### [Task to complete]
Everything in the records must be copied exactly except the pictures.

### [Supplied records]
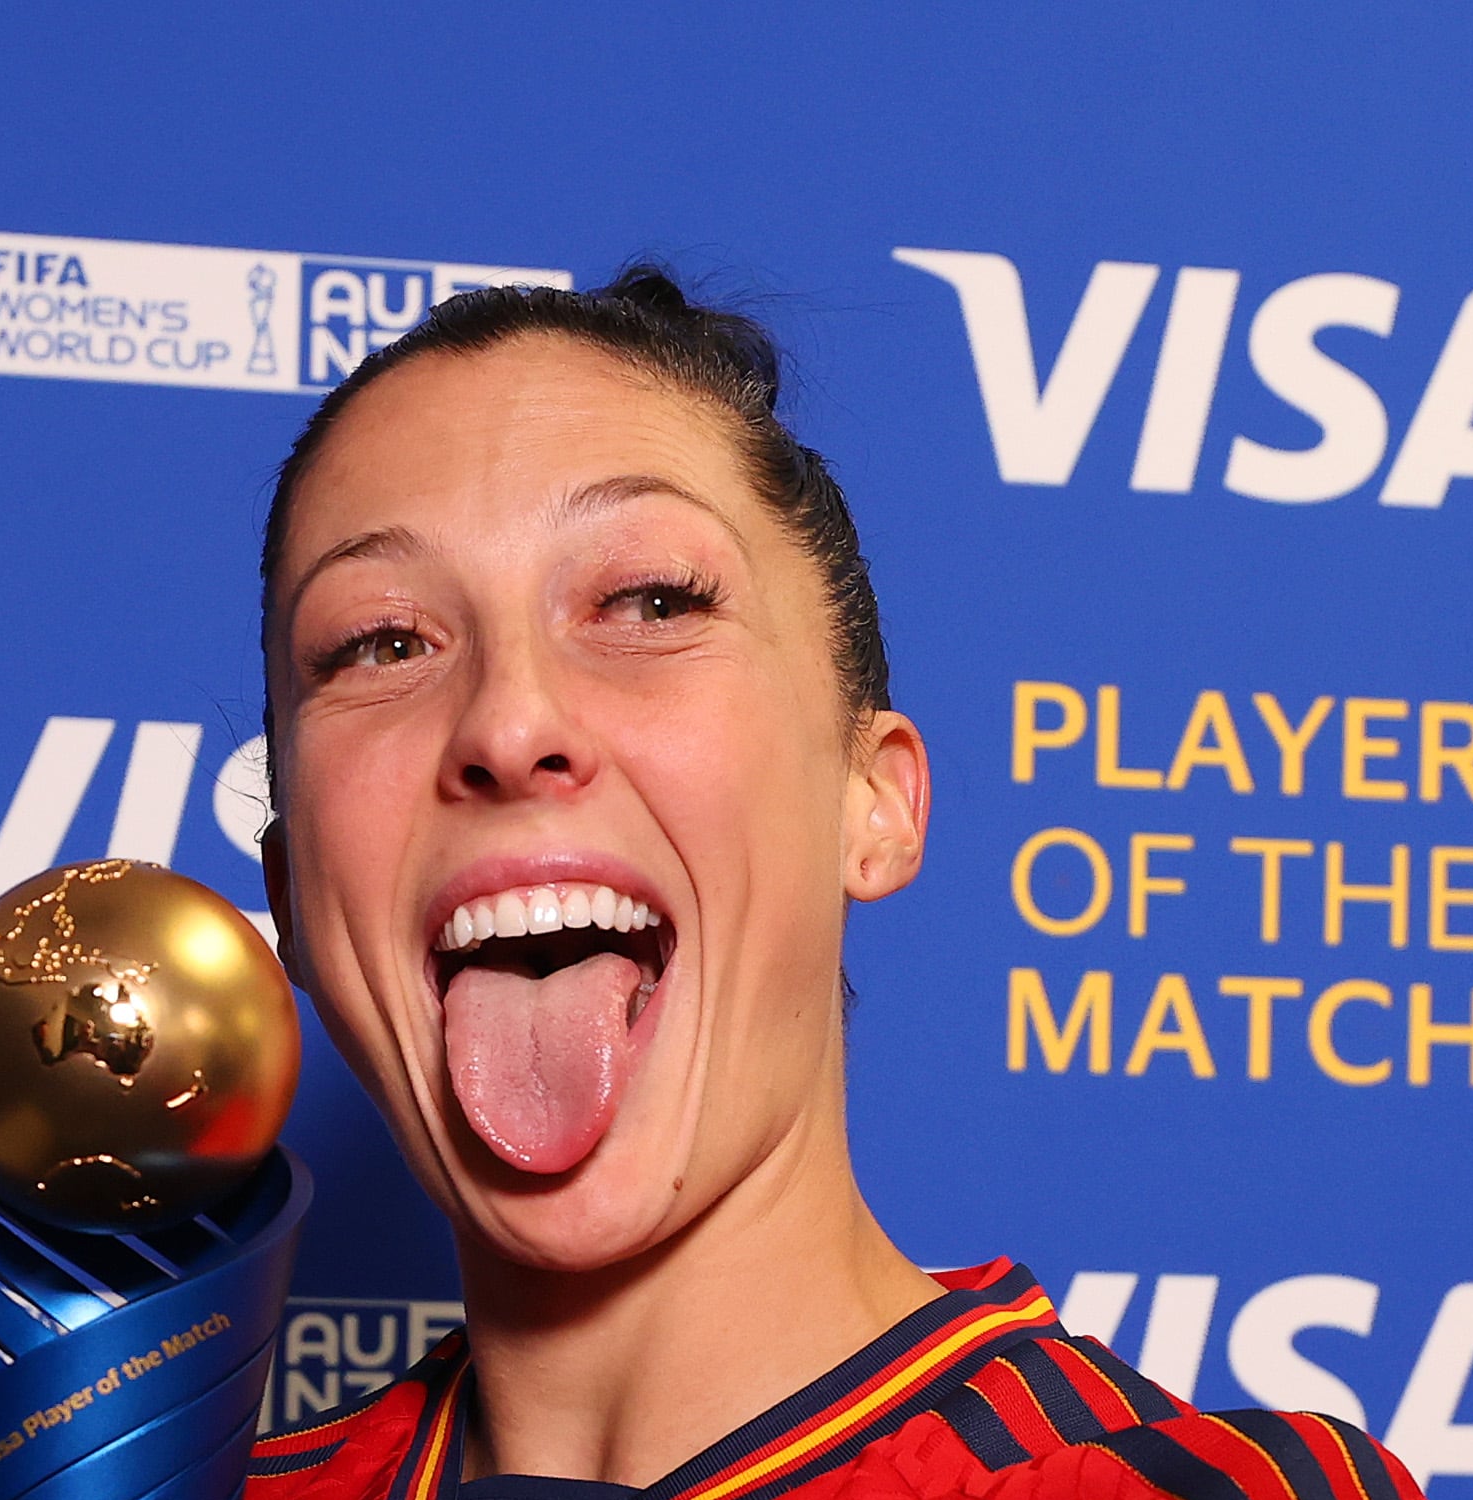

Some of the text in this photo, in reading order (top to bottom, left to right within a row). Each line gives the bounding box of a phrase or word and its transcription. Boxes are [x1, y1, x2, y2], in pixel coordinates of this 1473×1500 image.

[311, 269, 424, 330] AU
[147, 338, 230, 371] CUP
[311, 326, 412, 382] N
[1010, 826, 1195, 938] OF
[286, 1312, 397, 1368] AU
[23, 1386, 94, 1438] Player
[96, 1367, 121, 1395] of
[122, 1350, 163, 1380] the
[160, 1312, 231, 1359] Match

### [Result]
Some of the text in this photo, in reading order (top to bottom, left to right within a row). Each line gives the bounding box of a phrase or word and its transcription. Boxes are [x1, y1, x2, y2], in pixel coordinates of this 1473×1500 image.

[311, 269, 424, 330] AU
[147, 338, 230, 371] CUP
[311, 326, 412, 382] N
[1010, 826, 1195, 938] OF
[286, 1312, 397, 1368] AU
[23, 1386, 94, 1438] Player
[96, 1367, 121, 1395] of
[122, 1350, 163, 1380] the
[160, 1312, 231, 1359] Match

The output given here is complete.